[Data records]
BEGIN

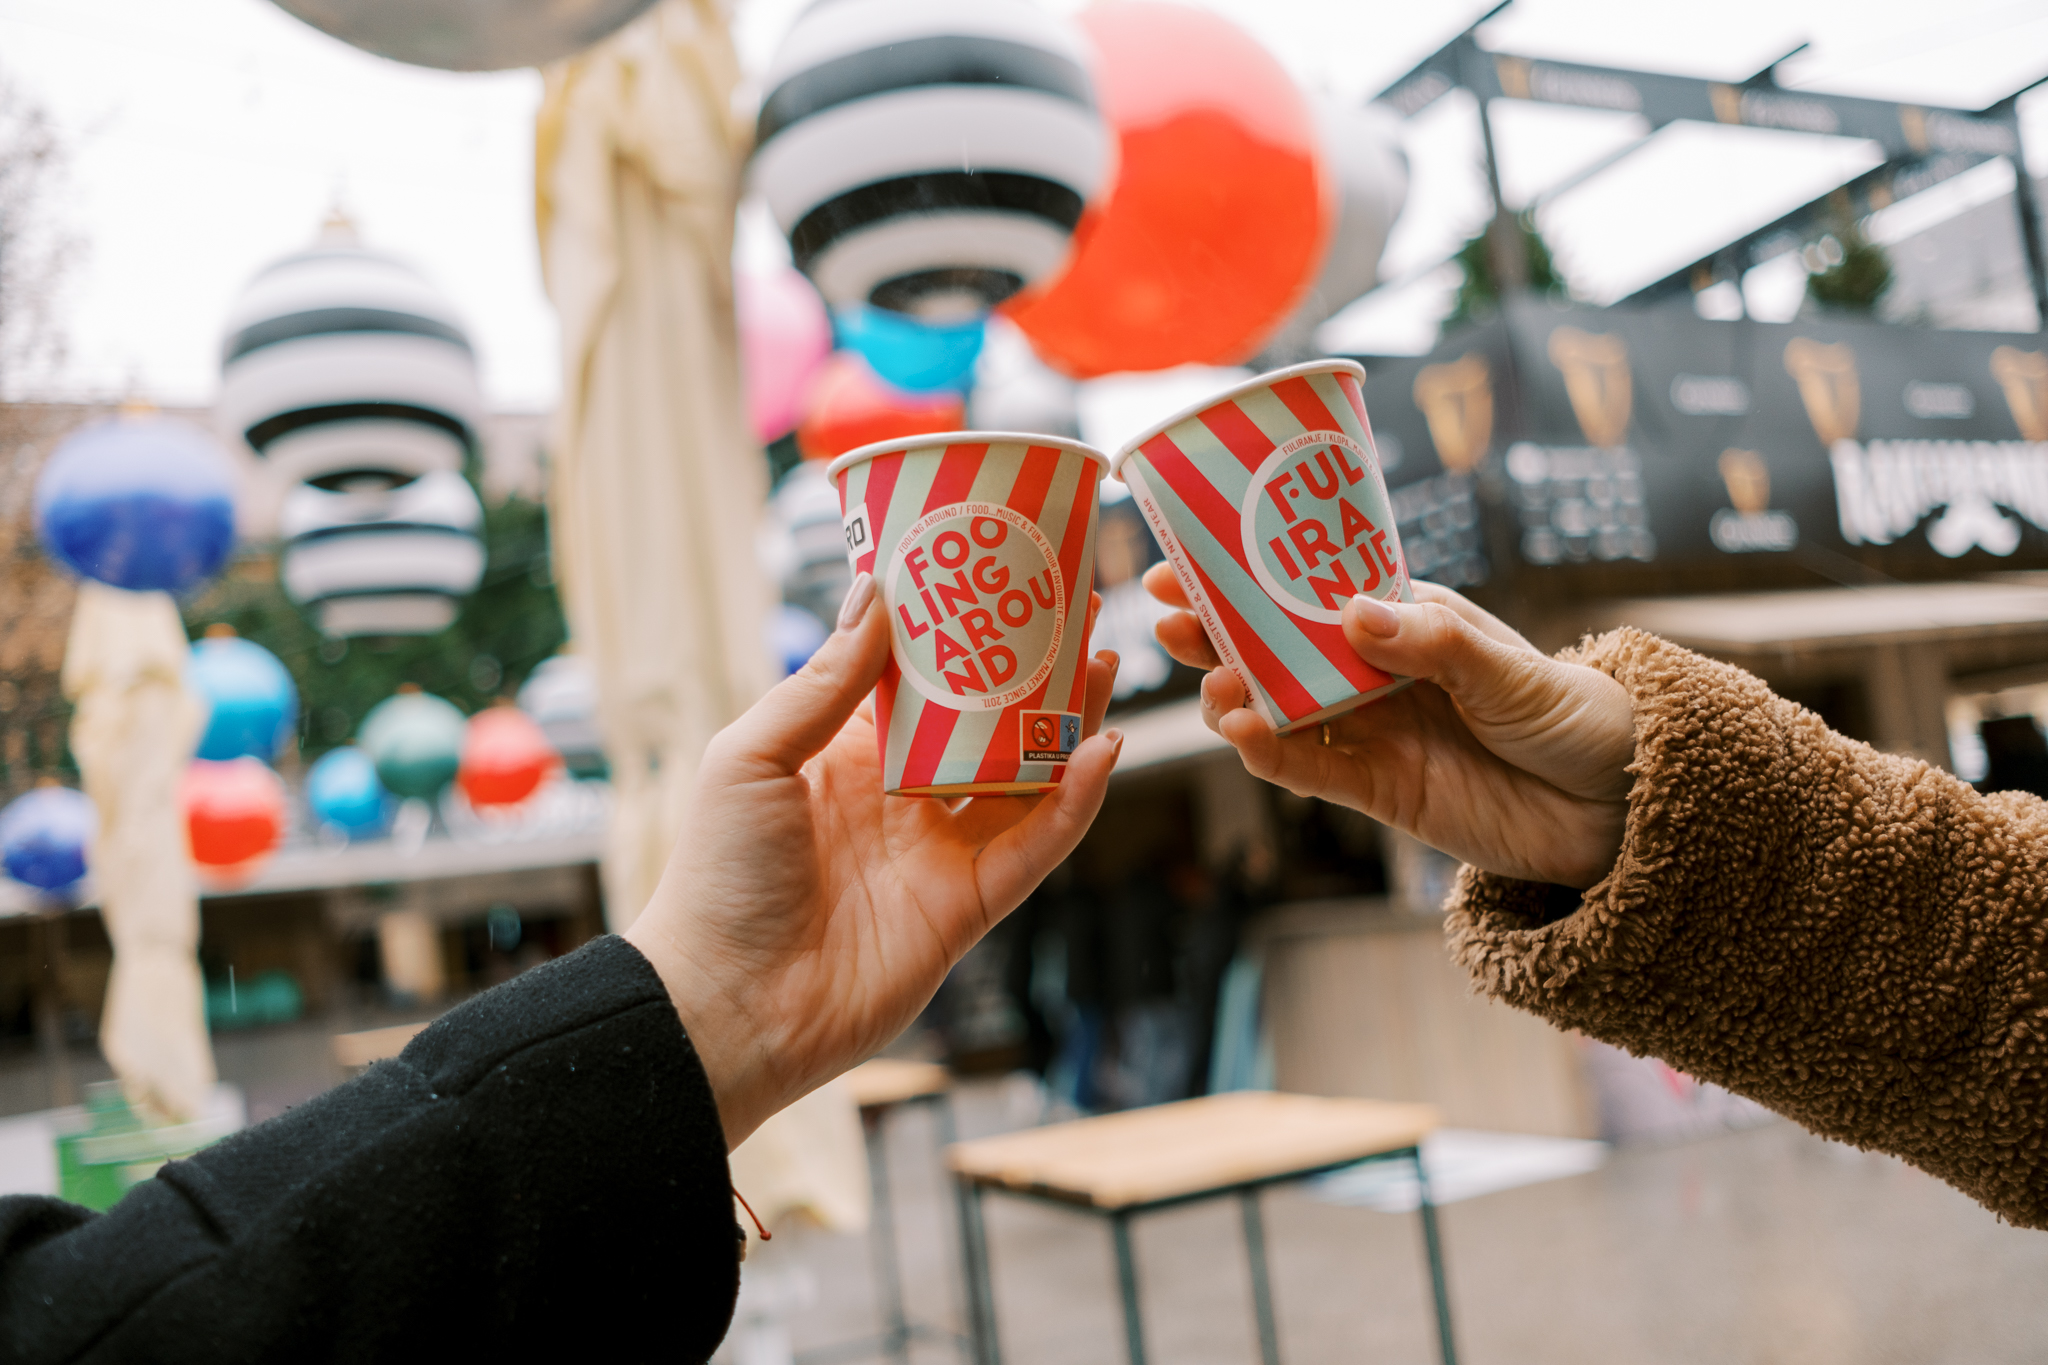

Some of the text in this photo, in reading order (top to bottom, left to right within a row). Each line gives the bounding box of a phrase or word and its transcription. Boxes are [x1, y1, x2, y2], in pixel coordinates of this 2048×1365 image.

[1282, 433, 1322, 456] FULIRANJE
[1264, 444, 1365, 525] FUL
[924, 507, 957, 528] AROUND
[1020, 520, 1028, 531] &
[1143, 498, 1161, 527] YEAR
[898, 524, 925, 554] FOOLING
[1027, 526, 1043, 543] FUN
[1159, 529, 1176, 554] NEW
[1268, 497, 1376, 581] IRA
[904, 516, 1008, 590] FOO
[1043, 546, 1057, 570] YOUR
[1173, 557, 1196, 591] HAPPY
[1307, 529, 1398, 610] NJE
[898, 556, 1010, 640] LING
[1053, 569, 1065, 617] FAVOURITE
[1193, 592, 1202, 603] &
[935, 568, 1056, 672] AROU
[1200, 604, 1235, 665] CHRISTMAS
[1046, 618, 1064, 664] CHRISTMAS
[943, 645, 1018, 696] ND
[1029, 662, 1050, 691] MARKET
[1003, 685, 1027, 705] SINCE
[1028, 752, 1056, 760] PLASTIKA
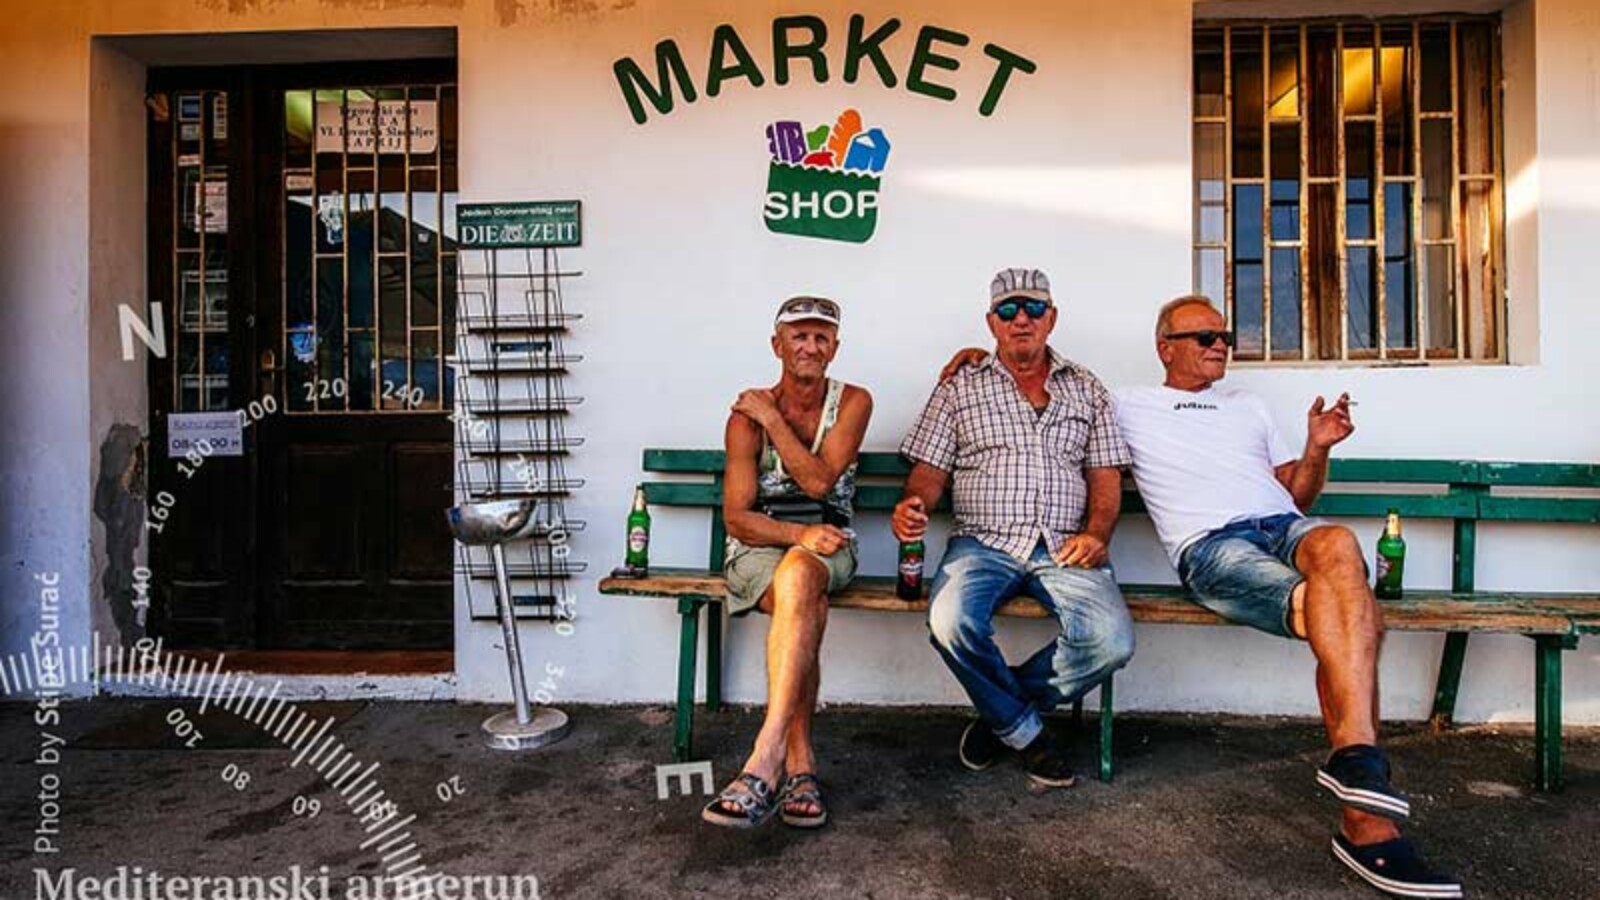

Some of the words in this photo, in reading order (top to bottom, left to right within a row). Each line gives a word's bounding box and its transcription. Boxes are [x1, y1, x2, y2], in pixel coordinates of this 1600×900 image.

[613, 14, 1037, 125] MARKET
[494, 207, 553, 215] Donnerstag
[765, 190, 878, 220] SHOP
[461, 225, 499, 244] DIE
[528, 222, 576, 242] ZEIT

END

#### What needs to be done:
Give back, word for word, the lines from the one with "Some of the words" through the last line of the entries, both included, and no other line.

#### Answer to this exercise:
Some of the words in this photo, in reading order (top to bottom, left to right within a row). Each line gives a word's bounding box and its transcription. Boxes are [x1, y1, x2, y2], in pixel coordinates of this 1600×900 image.

[613, 14, 1037, 125] MARKET
[494, 207, 553, 215] Donnerstag
[765, 190, 878, 220] SHOP
[461, 225, 499, 244] DIE
[528, 222, 576, 242] ZEIT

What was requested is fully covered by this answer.